Все стоят в растерянности, стыдно, неудобно и горько. И вдруг несмело, вспоминая слова, чуть неправильно произнося их, начинает петь та, на которую никто бы не подумал, Ольга Ивановна. Она простая россиянка, не говорит на украинском. Живет здесь больше двадцати лет. Язык понимает, но говорит, как она смеется, „по-азировски“.
И вот в школьном, просторном холле испуганно и печально, под шорох валиков и запах краски, неровно ложащейся на символ Украины, начинает звучать:
— Ще не вмерла України нi слава, нi воля.
Гимн осторожно подхватывают другие уборщицы, находящиеся рядом:
— Ще нам, браття українцi, усмiхнеться доля.
Згинуть нашi вороженьки, як роса на сонцi,
Запануєм i ми, браття, у своїй сторонцi.
Их пение прерывает звонок и гул сбегающих ног. В холл спускаются дети, вышедшие на перемену. Кто-то из них начинает снимать, похохатывая и крича „Слава Новороссии“. Но кто-то подхватывает. И вот уже вместе с техничками звучат более звонкие и смелые детские голоса:
— Душу й тiло ми положим за нашу свободу,
i покажем, що ми, браття, козацького роду.
Станем, браття, в бiй кривавий вiд Сяну до Дону,
В рiднiм краю панувати не дамо нiкому;
Чорне море ще всмiхнеться, дiд Днiпро зрадiє,
Ще у нашiй Українi доленька наспiє.
Душу й тiло ми положим за нашу свободу,
i покажем, що ми, браття, козацького роду.

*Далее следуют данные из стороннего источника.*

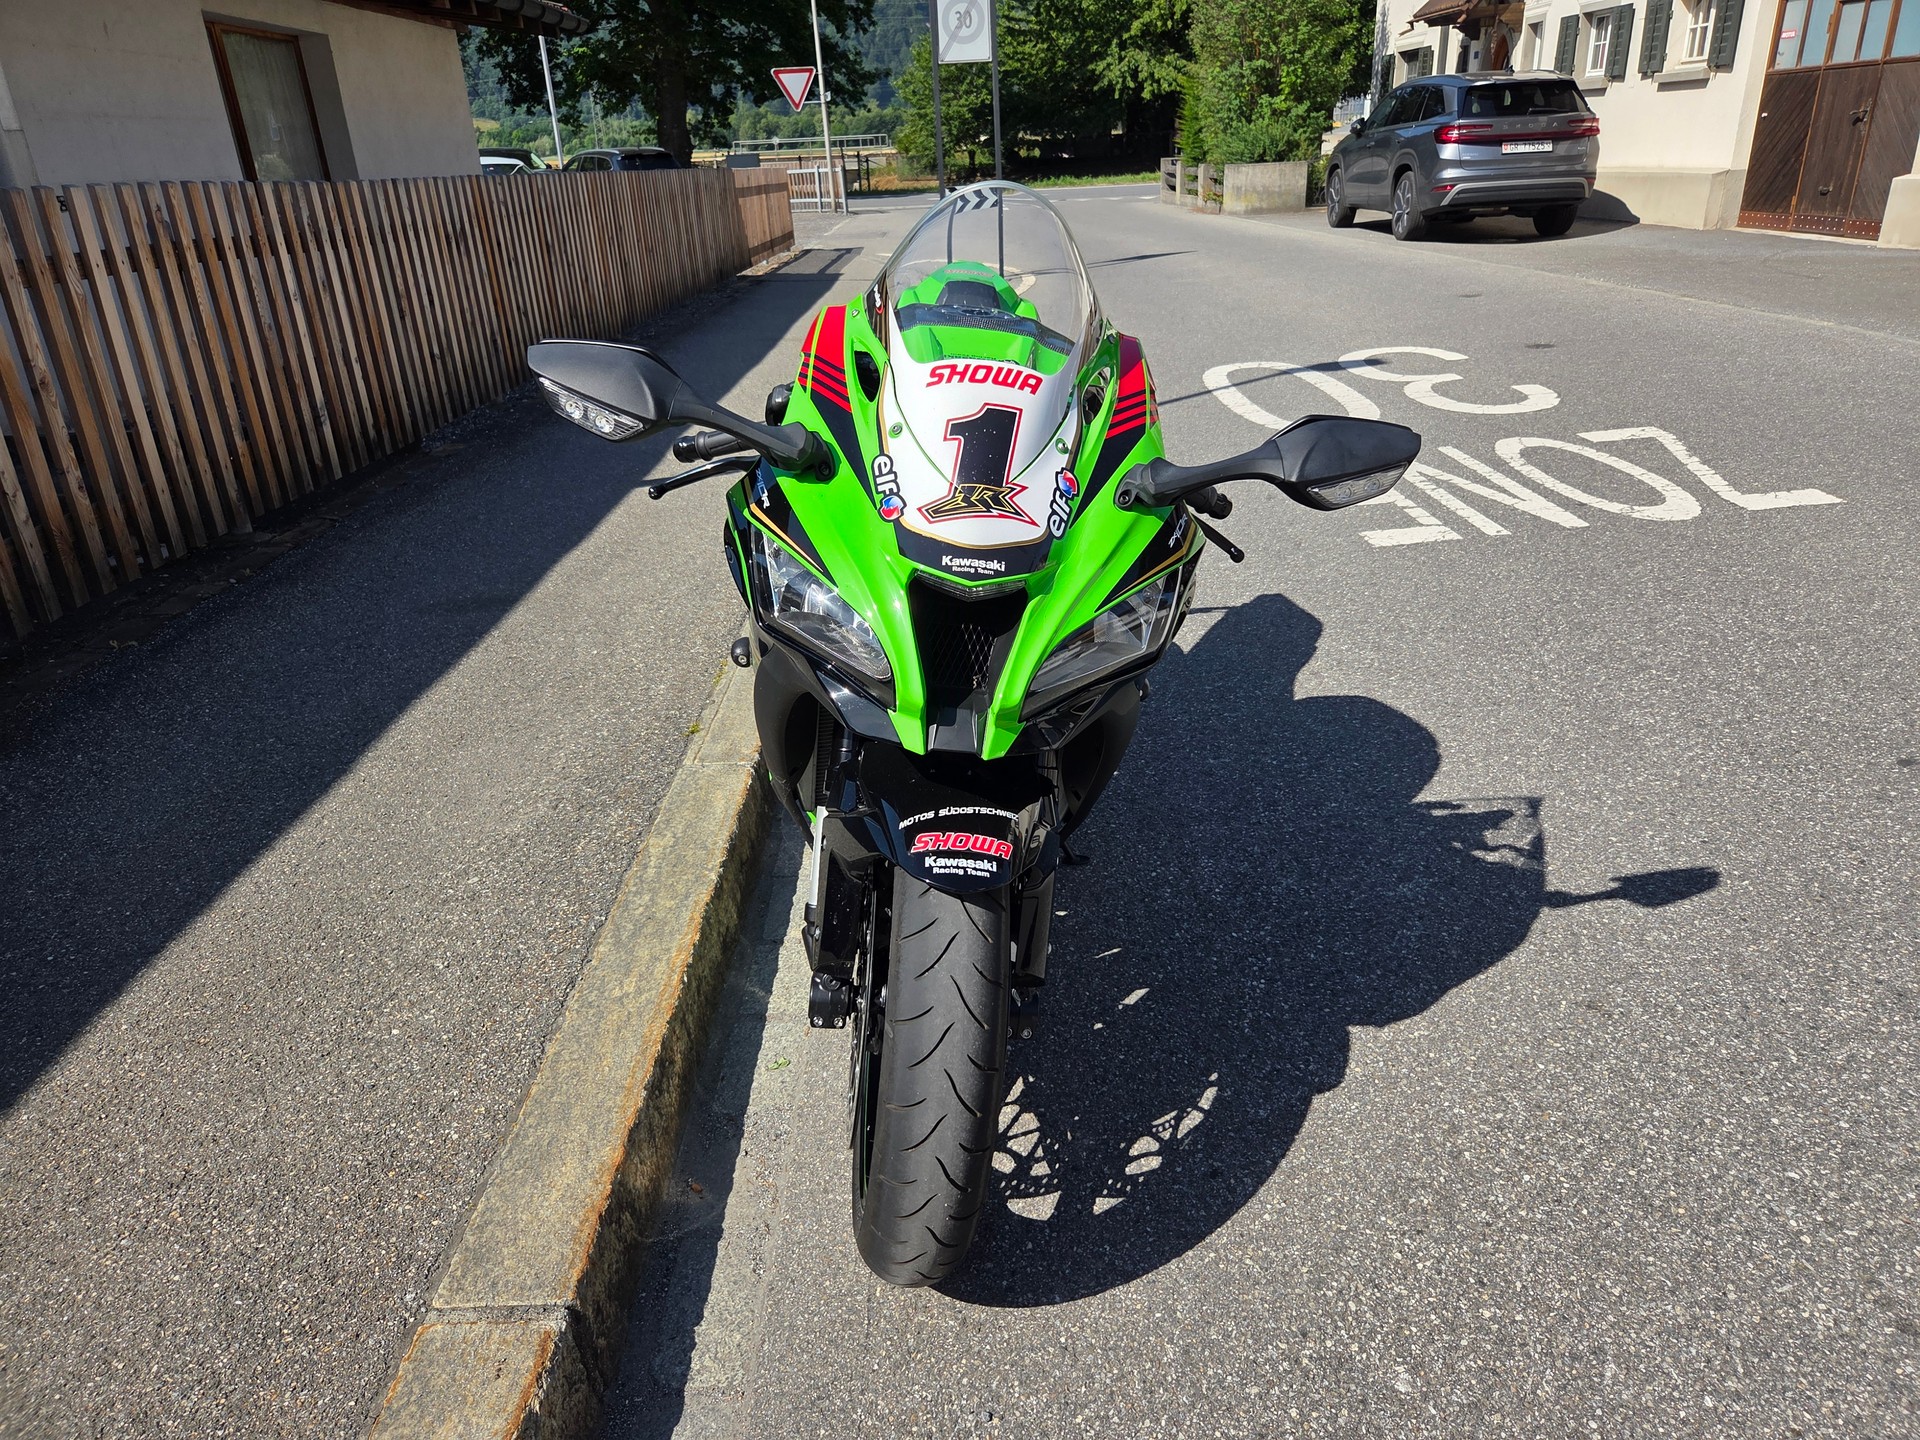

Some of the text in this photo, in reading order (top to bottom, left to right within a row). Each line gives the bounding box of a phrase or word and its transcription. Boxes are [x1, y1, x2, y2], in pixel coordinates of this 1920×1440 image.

…В этом звенящем торжестве Украины, в организованном им самим безумии, с перекошенным лицом метался директор. Своей выходкой и приказом он хотел унизить тех, кто был вынужден его исполнить, а оказалось… Оказалось, что сломать можно все, кроме духа, настоящего украинского духа. Заплаканные, перемазанные краской технички обнимали поддержавших их деток.

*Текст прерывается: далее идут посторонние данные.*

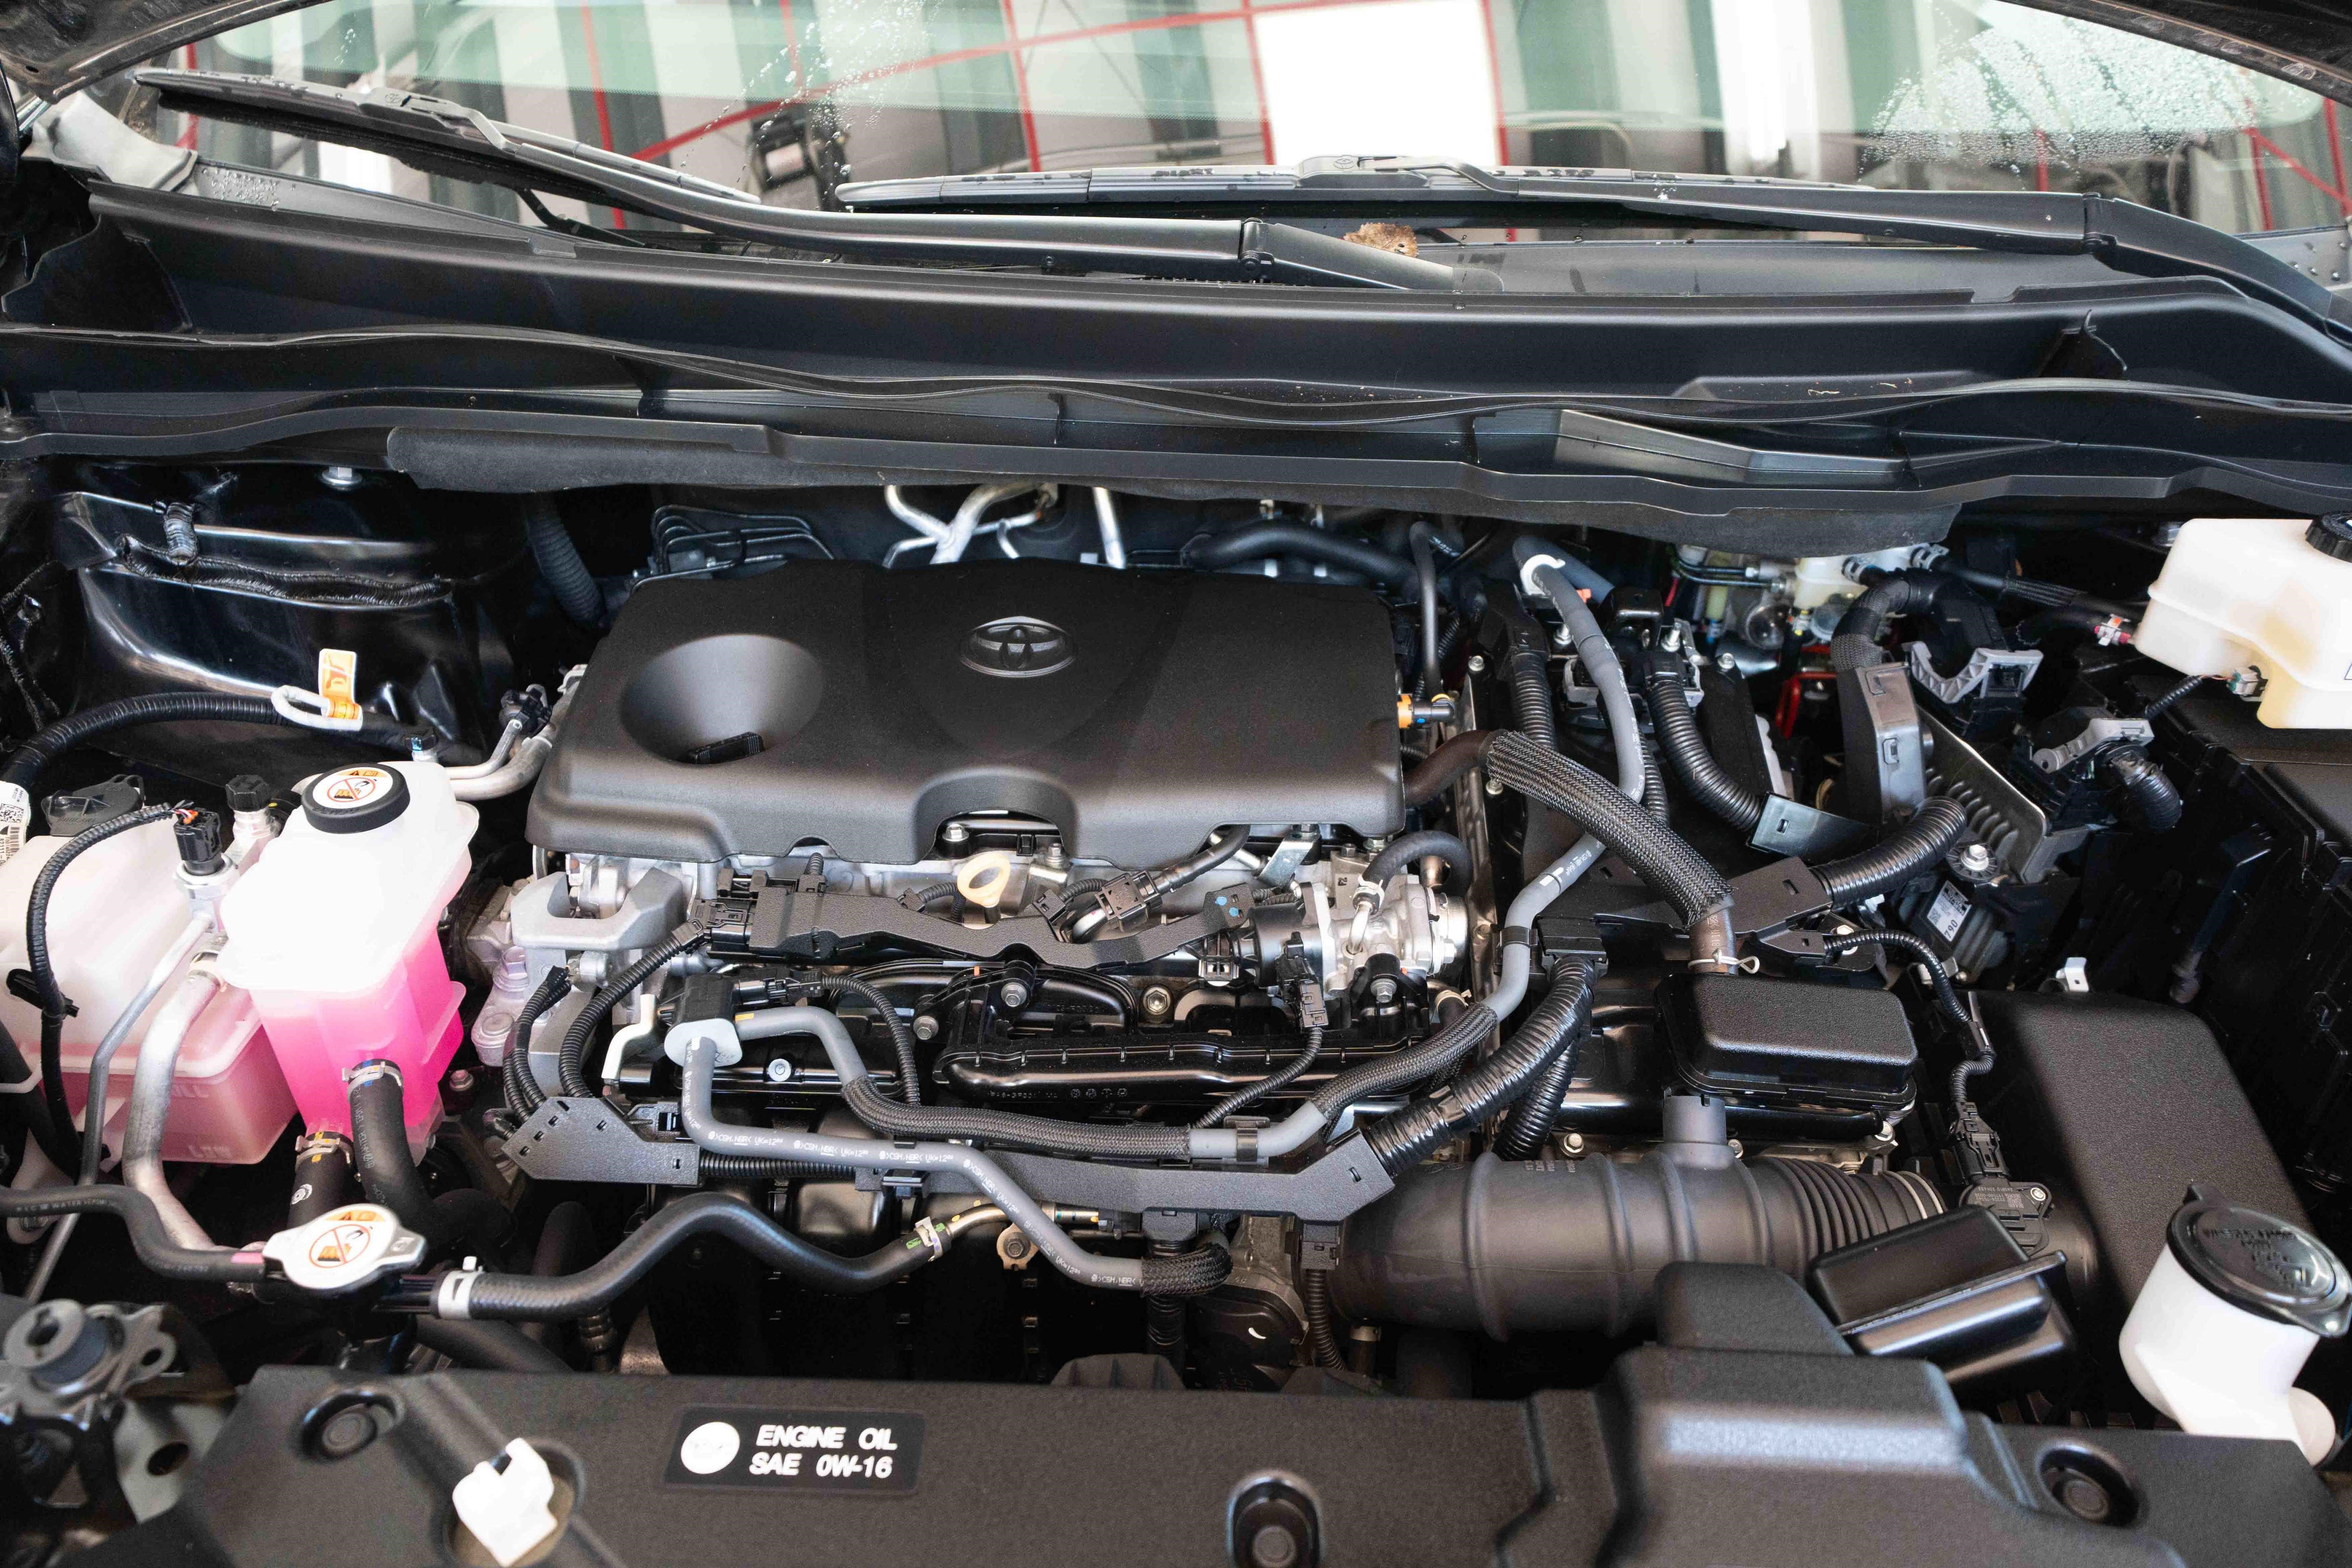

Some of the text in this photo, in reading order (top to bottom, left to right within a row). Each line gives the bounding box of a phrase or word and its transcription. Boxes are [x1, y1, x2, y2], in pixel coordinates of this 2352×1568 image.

[1944, 919, 1958, 939] 790
[755, 1424, 898, 1450] ENGINE OIL
[749, 1452, 893, 1479] SAE 0W-16

„Новороссы“ быстро рассосались, ушли курить за школу, переменка-то заканчивалась, а уши пухли.
На следующий день директор школы с супругой отбыли в Харьков оформлять пенсию. Нет, это не пенсионный туризм, это „переселенцы“. Они, правда, не живут в Харькове, они просто „прописались“ у коллег-педагогов, также поддерживающих идеи „русского мира“. Но это другая история.

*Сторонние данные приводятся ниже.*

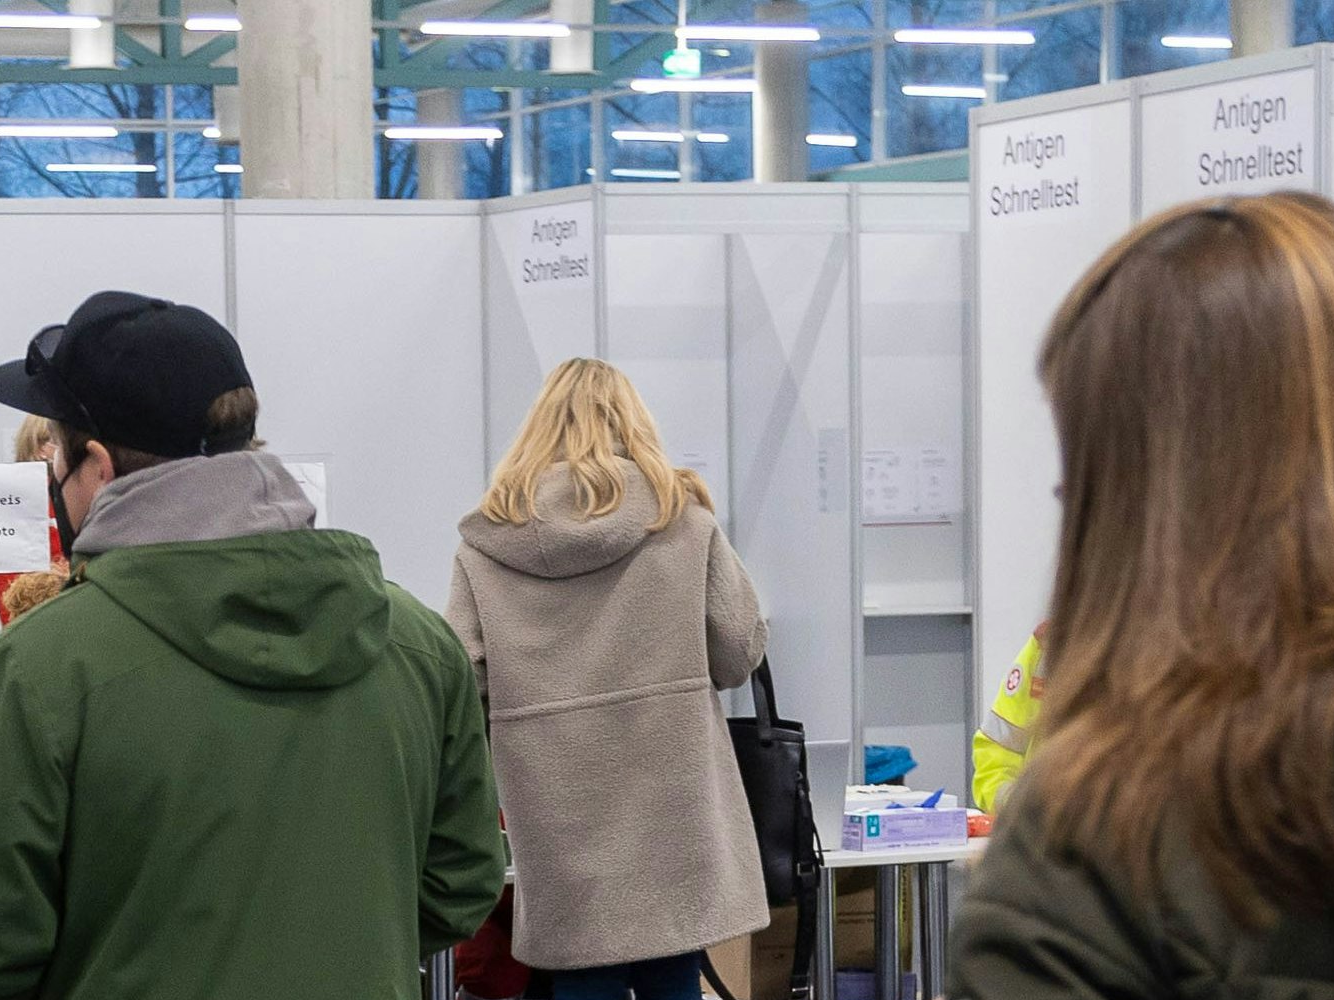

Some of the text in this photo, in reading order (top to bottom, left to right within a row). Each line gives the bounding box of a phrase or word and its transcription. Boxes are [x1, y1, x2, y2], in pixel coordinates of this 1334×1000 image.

А Герб Украины все равно видно из-под краски. Он вырезан из тонкого полимера (или пластика) и наклеен на стену, и краска просто скрыла его цвета, оставив выпуклый, четко очерченный контур.
Так что на Донбассе „ще не вмерла України нi слава, нi воля“. Мы держимся! А когда победим, мы подумаем о реформе школы. Уже вместе с нашими взрослыми детьми, прошедшими через эту войну».